Friday, December 4, 2009

.45-Caliber Firebrand by Peter Brandvold (Cuno Massey Western series)

"Cuno Massey saw the Indian a quarter second before the arrow careened toward him from a snag of brush and sun-bleached rocks." That is the opening sentence of author Peter Brandvold's novel .45-Caliber Firebrand, and it offers a fitting introduction to the kind of life its hero leads.

Massey has had a rough year. First his father and stepmother were murdered. His .45-Caliber Revenge for that put a price on his head, and bounty hunters killed his new bride, July. His subsequent .45-Caliber Fury doubled the bounty.

Since then, the .45-Caliber Manhunt has continued. Though a successful venture into the freight-hauling business gave a much-needed break, it turned into a .45-Caliber Deathtrap when Massey's partner was killed.

Now, hauling supplies to Logan Trent's Double-Horseshoe Ranch, Cuno inadvertently smuggles weapons for the rancher, who has had trouble with Leaping Wolf's band of Ute Indians since a couple of ranch hands raped a killed a Ute girl. Massey and his crew stay on to defend the ranch until a trio a braves attempt revenge-in-kind with Trent's daughter Michelle.

While Trent stays to defend the homeplace, he asks the .45-Caliber Firebrand to help Michelle and a servant's children escape, using only a horse-drawn wagon and a secret passage. As Cuno reminisces (about events chronicled in .45-Caliber Widow Maker), "Recently, he'd found himself driving a jail wagon loaded with four deadly brigands, including one snarling beast known as Colorado Bob King, across the Mexico Mountains up Wyoming way.

"He'd thought he'd had his hands full then." In protecting his charges, Cuno makes a decision that puts him on the wrong side of the law (though not in the wrong, for rogue lawmen are no meters of justice). And When times are at their most desperate, Cuno gets help from a surprising corner.

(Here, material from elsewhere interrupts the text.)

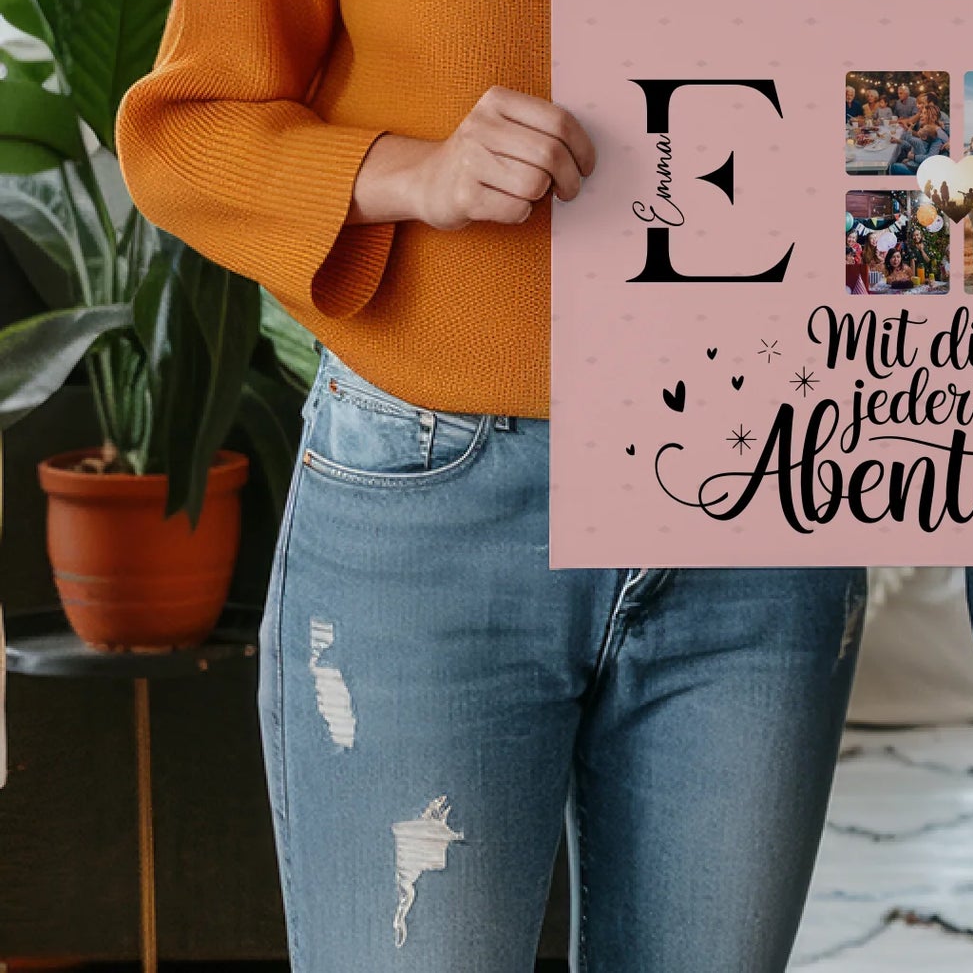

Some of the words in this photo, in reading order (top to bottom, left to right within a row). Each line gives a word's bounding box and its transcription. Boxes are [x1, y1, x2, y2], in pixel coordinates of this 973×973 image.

With .45-Caliber Firebrand, Brandvold offers an action-packed Western filled with traditional genre tropes yet complex enough in its plotting to be difficult to summarize without possibly giving away some surprises. He keeps the pace quick as bullets and arrows fly and seemingly major characters are killed with impunity. (Brandvold also tips his hat to other writers with characters named after Karl Lassiter and Henry Kuttner.)

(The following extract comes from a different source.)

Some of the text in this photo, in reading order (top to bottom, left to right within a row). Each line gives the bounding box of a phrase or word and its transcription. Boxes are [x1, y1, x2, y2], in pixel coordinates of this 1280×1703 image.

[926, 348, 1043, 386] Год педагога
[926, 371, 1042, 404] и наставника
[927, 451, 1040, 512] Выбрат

In fact, Cuno goes through so much physically and emotionally that the decision he makes at the end of .45-Caliber Firebrand hardly comes as a surprise — more as a relief. The reader hopes he'll get a chance to rest, at least for a little while.

2 comments:

David Cranmer said...

Sounds like the kind of year I've been having--without the death thankfully. The.45-Caliber name is badass for a continuing series title and I dig that opening line.

Craig Clarke said...

I've only read two of Brandvold's books so far, and he's already a favorite. Definitely check him out.